═══ TASK MATERIAL ═══
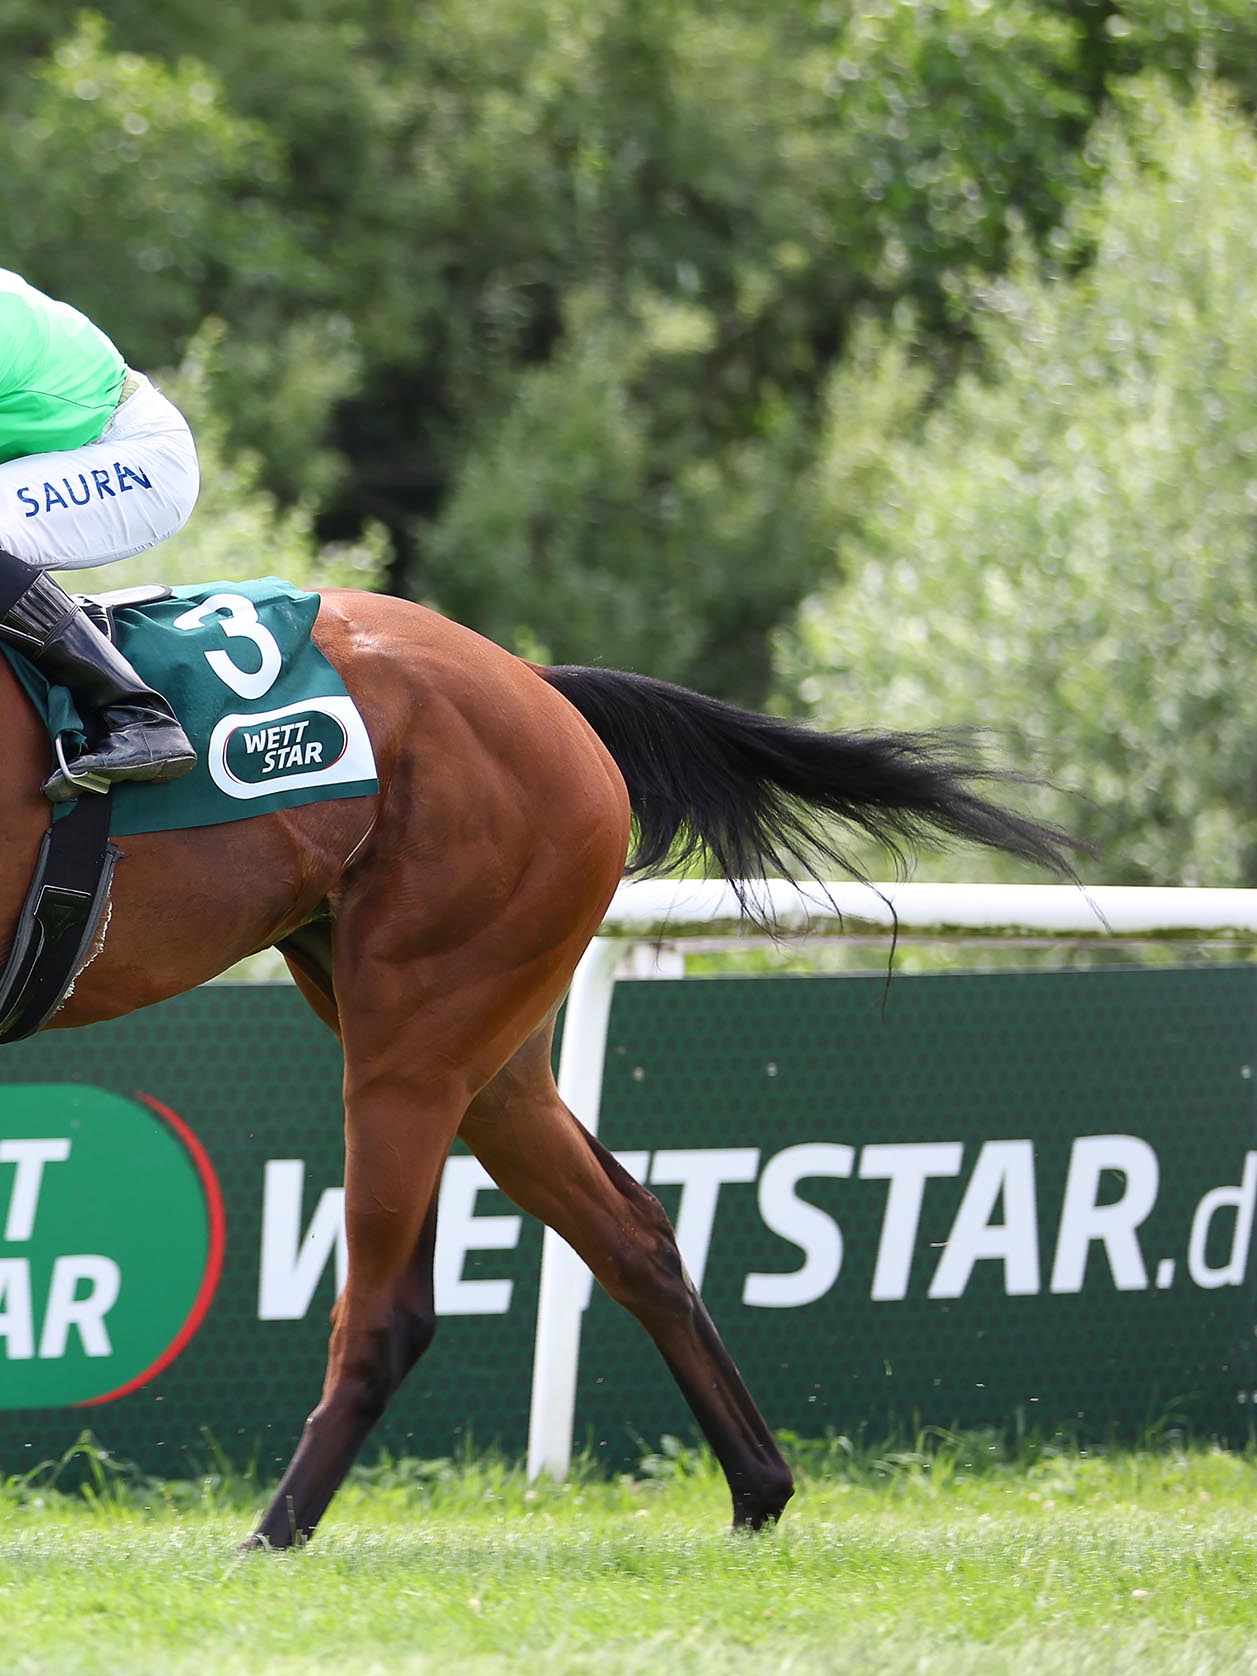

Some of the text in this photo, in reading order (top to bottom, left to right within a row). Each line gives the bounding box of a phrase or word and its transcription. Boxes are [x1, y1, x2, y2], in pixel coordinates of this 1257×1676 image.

[16, 462, 153, 518] SAUREN
[172, 592, 283, 700] 3
[243, 720, 310, 754] WETT
[261, 741, 323, 774] STAR
[257, 1134, 1257, 1321] WETSTAR.d
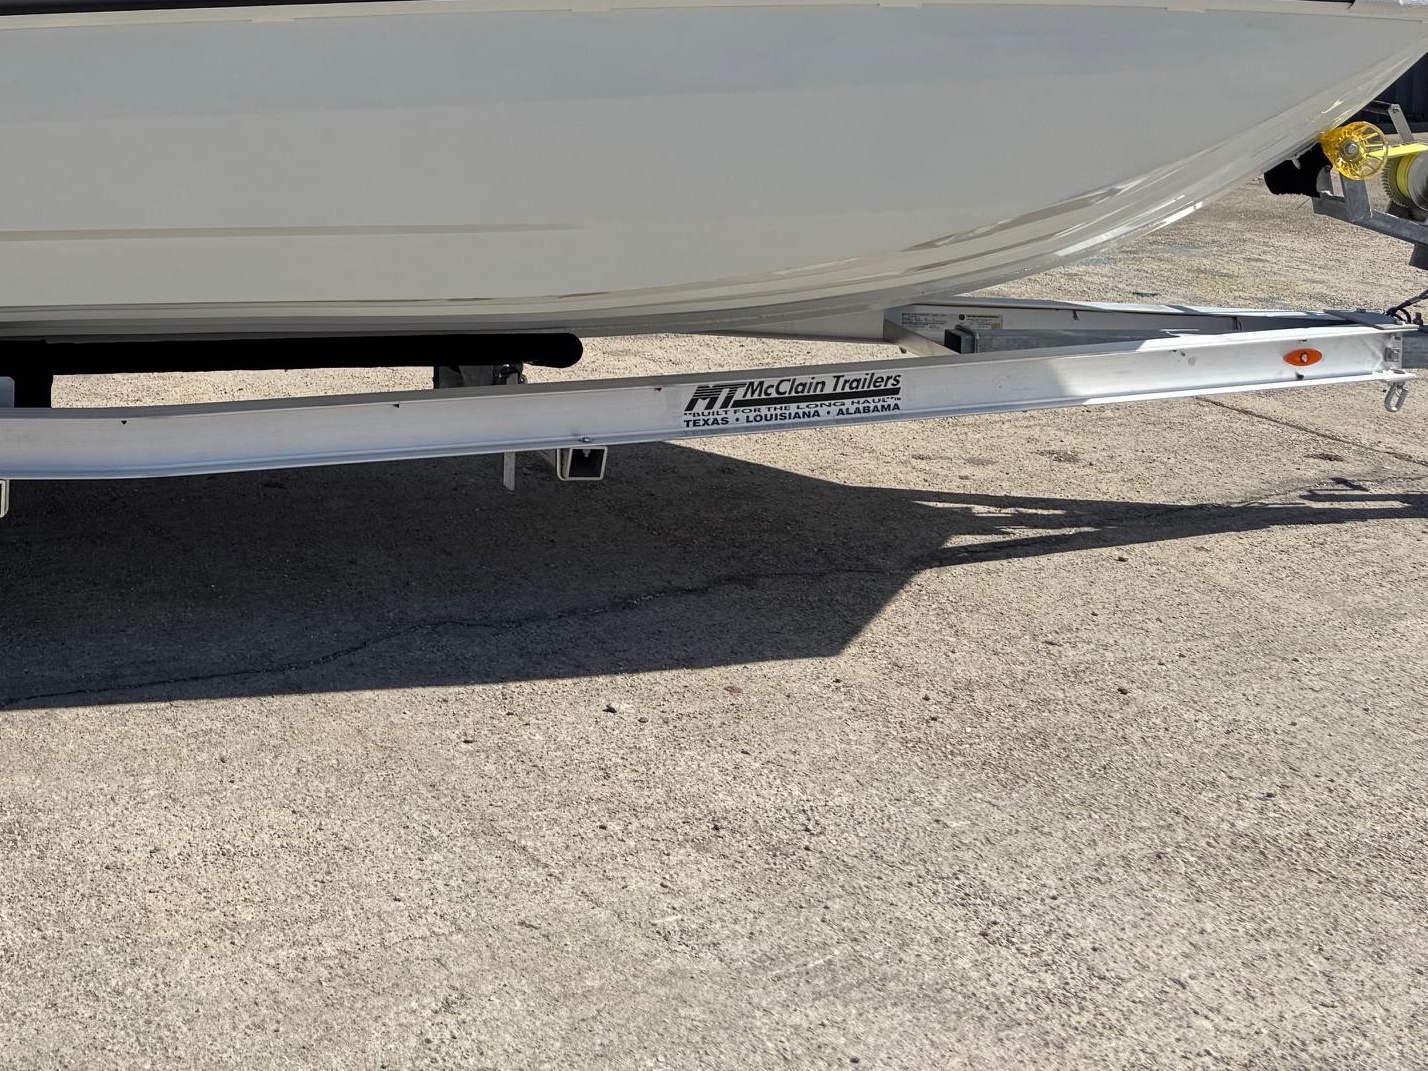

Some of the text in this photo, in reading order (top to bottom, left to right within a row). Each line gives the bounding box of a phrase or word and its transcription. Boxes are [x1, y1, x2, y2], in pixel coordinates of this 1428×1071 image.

[743, 373, 902, 398] McClain Trailers
[683, 404, 900, 428] TEXAS LOUISIANA ALABAMA
[733, 406, 761, 414] FOR
[765, 404, 791, 412] THE
[796, 400, 846, 410] LONG
═══
(ASSIGNMENT): Extract the full listing exactly, with the pictures left out.

(ANSWER FOR THE TASK):
Some of the text in this photo, in reading order (top to bottom, left to right within a row). Each line gives the bounding box of a phrase or word and its transcription. Boxes are [x1, y1, x2, y2], in pixel coordinates of this 1257×1676 image.

[16, 462, 153, 518] SAUREN
[172, 592, 283, 700] 3
[243, 720, 310, 754] WETT
[261, 741, 323, 774] STAR
[257, 1134, 1257, 1321] WETSTAR.d

Some of the text in this photo, in reading order (top to bottom, left to right within a row). Each line gives the bounding box of a phrase or word and its transcription. Boxes are [x1, y1, x2, y2], in pixel coordinates of this 1428×1071 image.

[743, 373, 902, 398] McClain Trailers
[683, 404, 900, 428] TEXAS LOUISIANA ALABAMA
[733, 406, 761, 414] FOR
[765, 404, 791, 412] THE
[796, 400, 846, 410] LONG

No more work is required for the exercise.